Un Medimago era spuntato da una camera vicina, chiedendogli chi dovesse vedere... non gli aveva accennato nulla sulle condizioni della moglie ma gli aveva sorriso quasi a volerlo rassicurare, sostenendo che non doveva preoccuparsi e che stavano tutti bene. 

Will avrebbe voluto dirgli che non gli importava poi molto degli altri e che da ore stava solo pensando a Charlotte... ma il mago se l'era filata quasi ridendo sotto i baffi, senza dargliene il tempo. 

“Signor Cavendish? Può vederla, se vuole.” 

E me lo chiede, sono qui da mezz'ora ad aspettare! 


Will si fermò di colpo, voltandosi verso la porta e sorridendo con sincero sollievo, superando il Medimago che era appena uscito dalla stanza. L’anziano mago gli rivolse un sorriso prima di defilarsi dietro un angolo, sostenendo che sarebbe tornato più tardi per degli ultimi esami.

Aprendo la porta, gli occhi di Will erano subito caduti sull’unico letto presente nella stanza, trovando sua moglie seduta con la schiena appoggiata ai cuscini, le mani giunte in grembo e i lunghi capelli castani sciolti e un po’ arruffati.

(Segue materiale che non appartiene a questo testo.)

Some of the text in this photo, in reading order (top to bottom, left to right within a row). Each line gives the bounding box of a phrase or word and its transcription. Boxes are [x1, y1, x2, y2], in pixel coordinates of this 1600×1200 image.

Aveva l'aria sinceramente stanca ma sorrise nel vederlo entrare, illuminandosi leggermente per un attimo nonostante il pallore e il graffio che aveva sulla fronte.

“Ciao, Will...” 

“Come stai?” 
  
In men che non si dica Will la raggiunse, sedendosi davanti a lei sul letto e guardandola con cipiglio apprensivo, facendola sorridere:

“Bene... Stiamo tutti bene, salvo qualche graffio o costola rotta.” 

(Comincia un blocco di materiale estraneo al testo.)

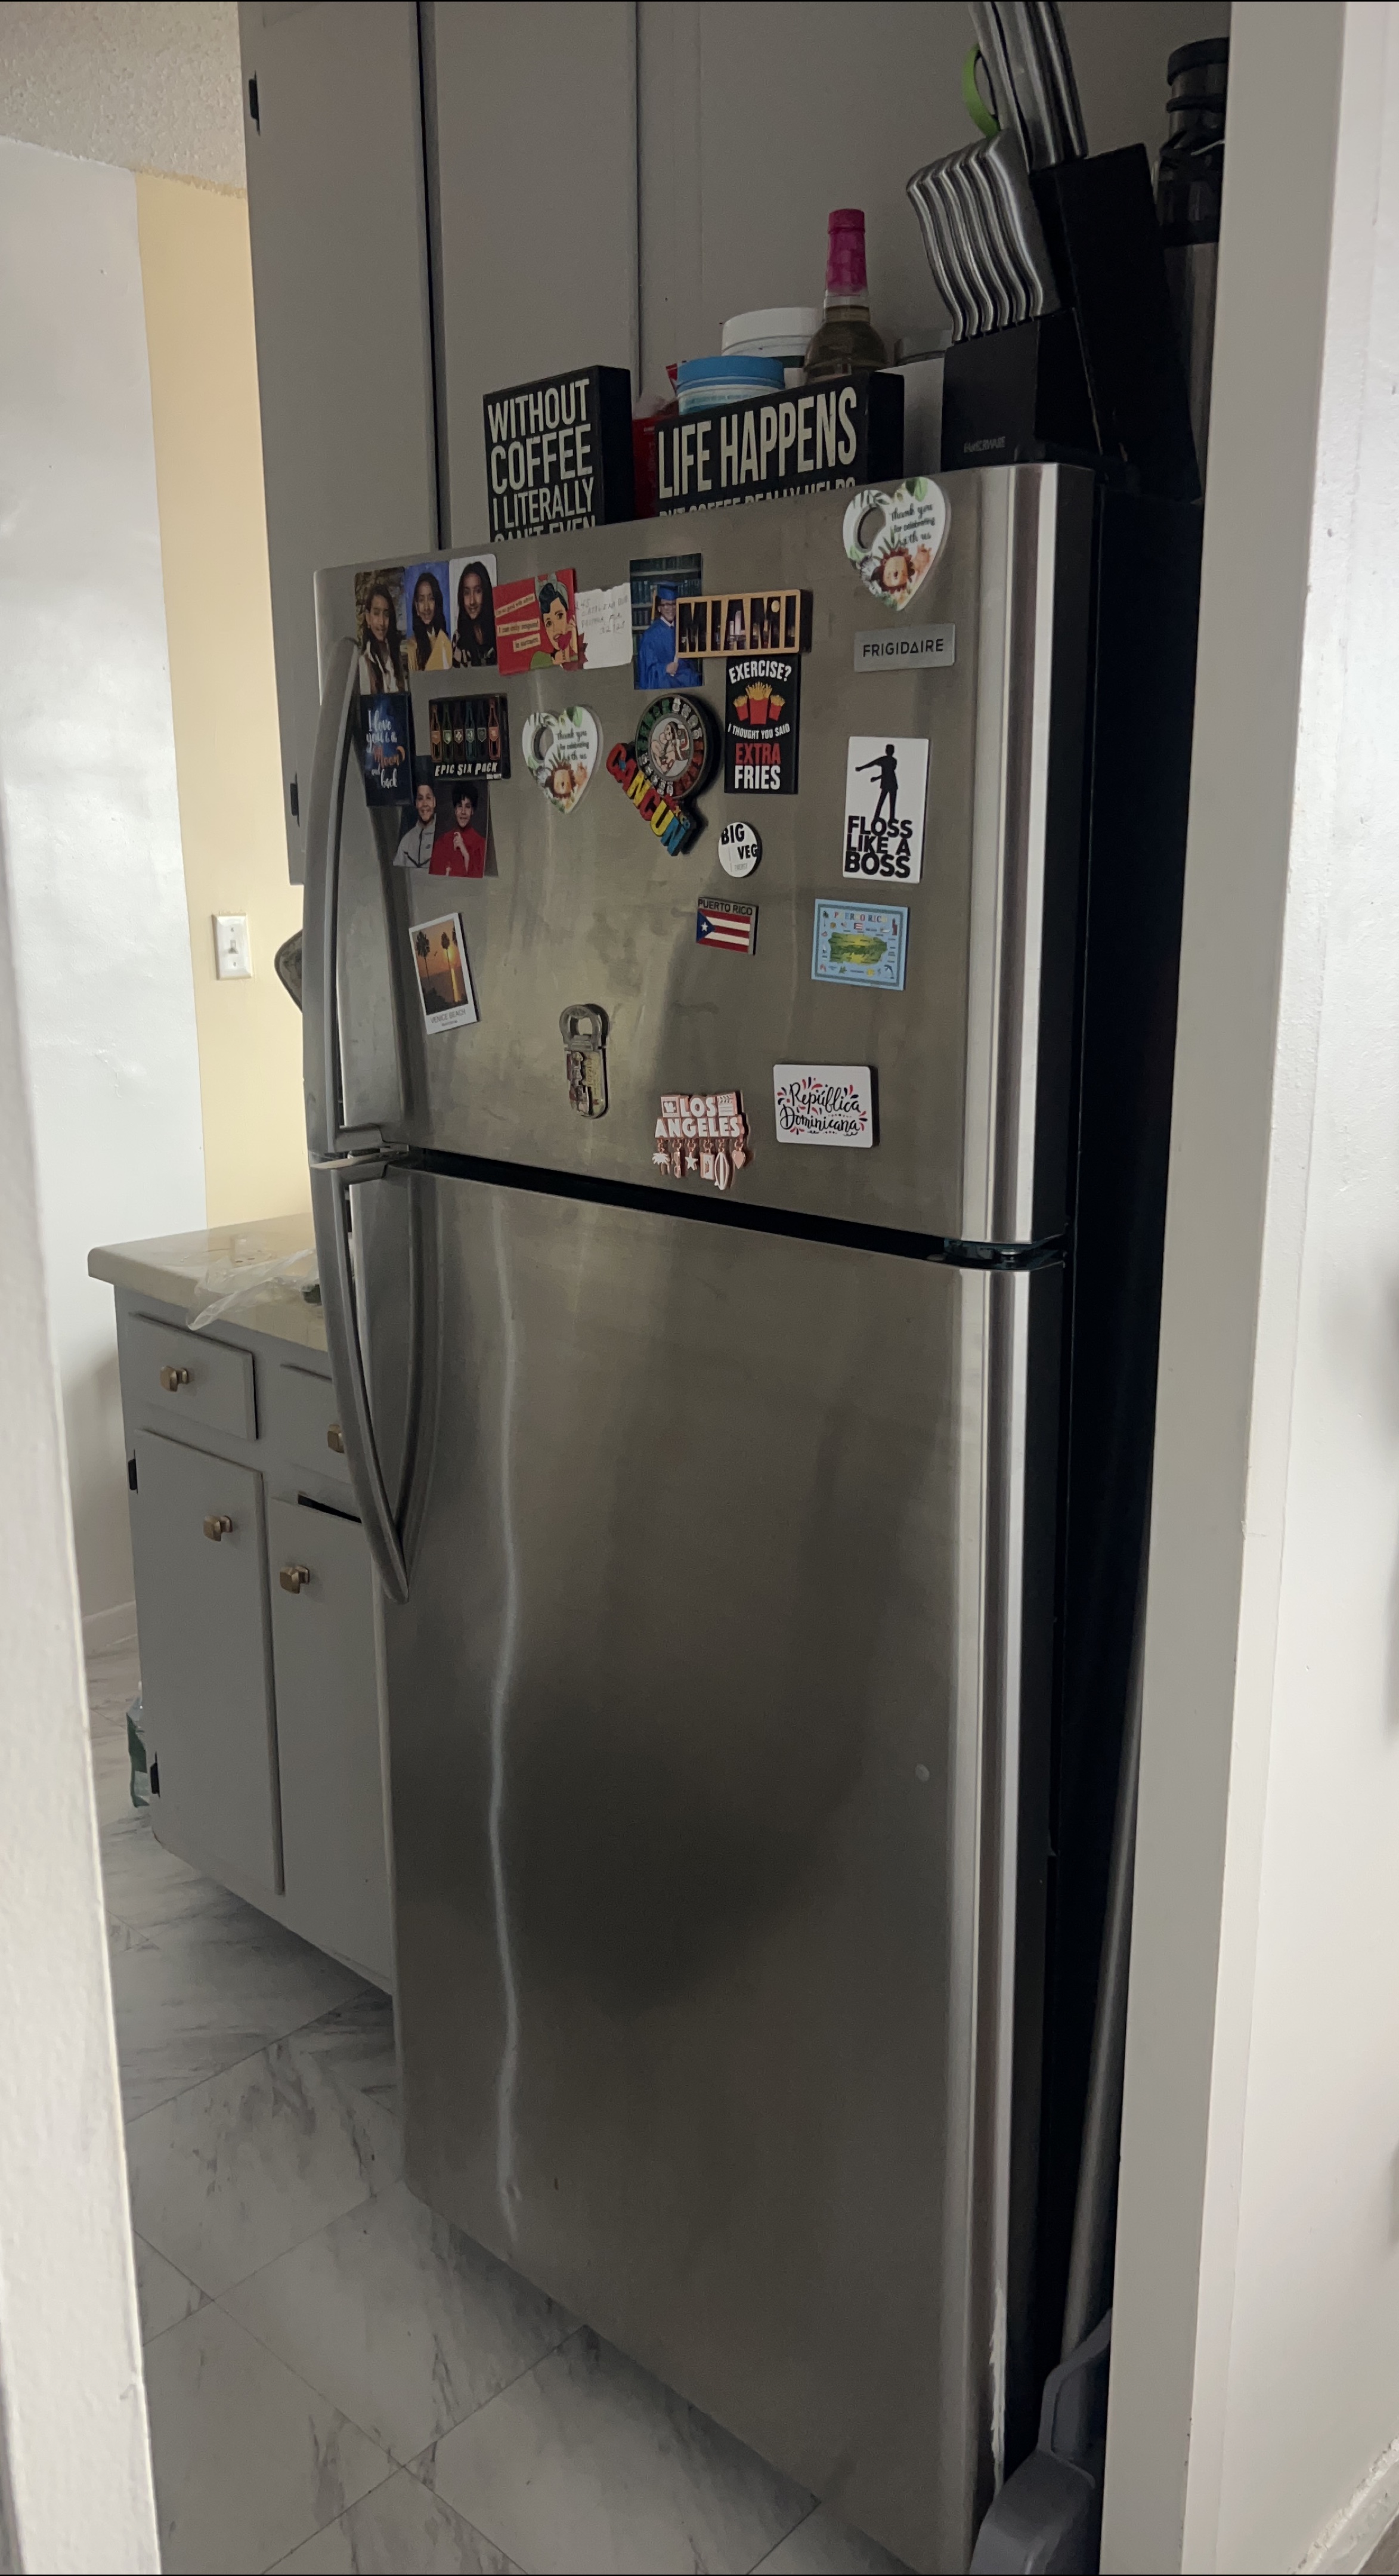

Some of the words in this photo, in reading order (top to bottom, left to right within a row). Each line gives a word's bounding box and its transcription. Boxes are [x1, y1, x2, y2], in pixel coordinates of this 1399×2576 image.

“Tu hai qualcosa di rotto?” 

“No... io sono indistruttibile, tesoro.”    Charlotte sorrise, quasi a voler alleggerire la tensione, allungando una mano per appoggiarla su quella del marito... ma Will non si rilassò neanche un po’, continuando a guardarla con aria preoccupata:

“Magari fosse così... ho aspettato per due ore prima che mi scrivessero, CeCe.” 

“Lo so, mi dispiace... ma sfortunatamente non possiamo prevedere queste cose, lo sai. Mi spiace di averti fatto preoccupare, Will.” 

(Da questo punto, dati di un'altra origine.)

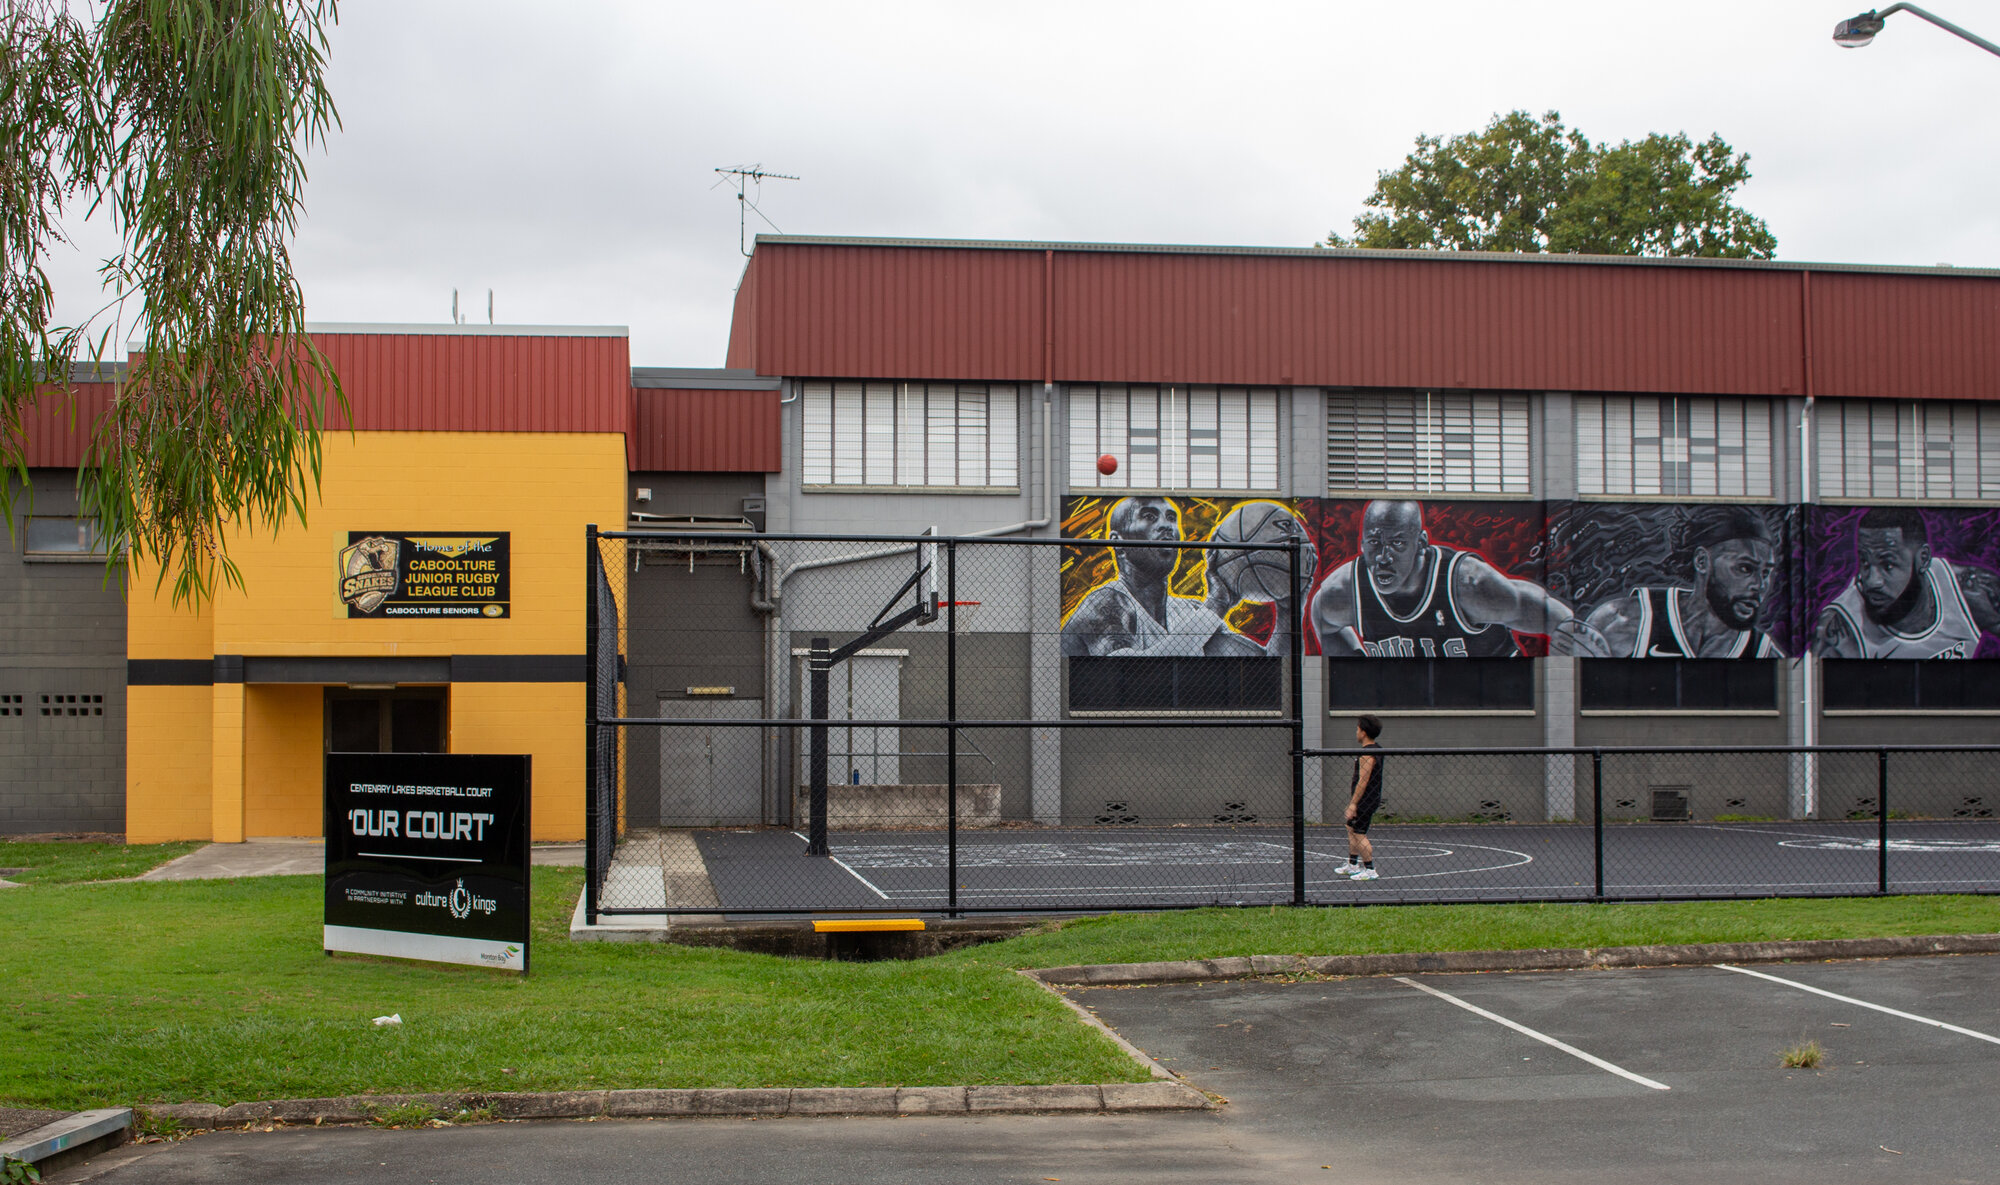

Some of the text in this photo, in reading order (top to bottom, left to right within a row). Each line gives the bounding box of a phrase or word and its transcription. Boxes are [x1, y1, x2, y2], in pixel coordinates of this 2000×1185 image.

[415, 540, 492, 555] Home of the
[409, 560, 496, 571] CABOOLTURE
[405, 573, 500, 584] JUNIOR RUGBY
[343, 576, 395, 598] SNAKES
[408, 586, 496, 597] LEAGUE CLUB
[386, 607, 479, 615] CABOOLTURE SENIORS
[350, 783, 493, 798] CENTENARY LAKES BASKETBALL COURT
[350, 889, 380, 897] COMMUNITY
[353, 896, 389, 904] PARTNERSHIP
[415, 891, 448, 908] culture
[472, 894, 497, 915] kings

Charlotte sorrise, stringendo la mano dell'uomo nella sua. Will sbuffò, incupendosi leggermente e borbottando a mezza voce:

“Non mi interessa degli altri, CeCe... a me importa solo di te.” 

“Beh, mi fa piacere sentirlo... ma spero anche che non continuerà ad essere così.” 

Il sorriso di Charlotte non vacillò, assumendo anzi una nota quasi divertita di fronte all’espressione confusa che era comparsa sul volto del marito, che la osservò come se stesse cercando di capire le sue parole:

 “Scusa, che intendi?” 

“Solo quello che ho detto, Will... e ribadisco che stiamo bene.” 

Charlotte continuò a sorridere, trattenendosi dal mettersi a ridere di fronte alla faccia perplessa di Will, che mutò leggermente con il trascorrere dei secondi, mentre il considerevole quoziente intellettivo dell'uomo metteva a posto i pezzi del puzzle.

“Aspetta... stai dicendo che...” 
“Si Will, penso che tu abbia capito... pensi ancora che ti importi solo di me o hai cambiato idea?” 
 
Charlotte sorrise, accarezzando il dorso della mano del marito e guardandolo esitare, sbattere le palpebre mentre cercava di riunire i pensieri, metterli in ordine e dire qualcosa di sensato... ma senza grandi risultati.

Infine distese le labbra in un sorriso per la prima volta nel giro di diverse ore, da quando aveva iniziato a preoccuparsi per Charlotte non vedendola tornare a casa.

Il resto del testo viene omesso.